# EXERCISE OBJECTIVE
Retype the entries below exactly, and keep every picture out of your version.

# Dataset entries
BEGIN
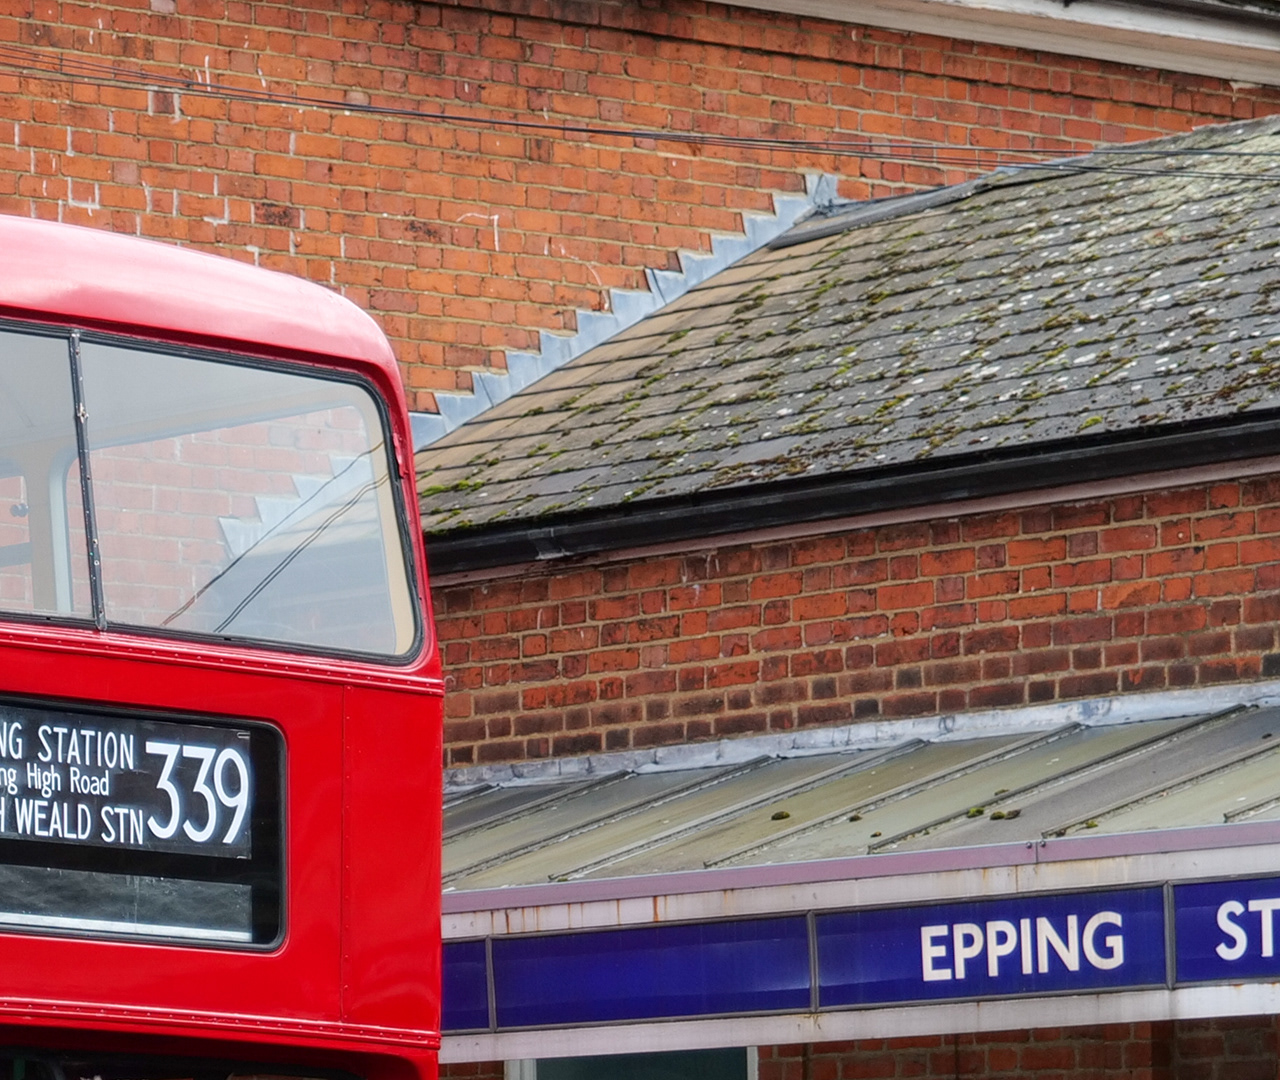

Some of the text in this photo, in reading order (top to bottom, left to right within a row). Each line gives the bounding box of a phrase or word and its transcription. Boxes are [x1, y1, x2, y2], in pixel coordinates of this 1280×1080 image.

[37, 724, 134, 770] STATION
[26, 762, 61, 798] High
[70, 766, 110, 796] Road
[145, 740, 249, 845] 339
[14, 798, 92, 840] WEALD
[99, 805, 144, 845] STN
[920, 910, 1124, 982] EPPING
END
# EXERCISE ANSWER
Some of the text in this photo, in reading order (top to bottom, left to right within a row). Each line gives the bounding box of a phrase or word and its transcription. Boxes are [x1, y1, x2, y2], in pixel coordinates of this 1280×1080 image.

[37, 724, 134, 770] STATION
[26, 762, 61, 798] High
[70, 766, 110, 796] Road
[145, 740, 249, 845] 339
[14, 798, 92, 840] WEALD
[99, 805, 144, 845] STN
[920, 910, 1124, 982] EPPING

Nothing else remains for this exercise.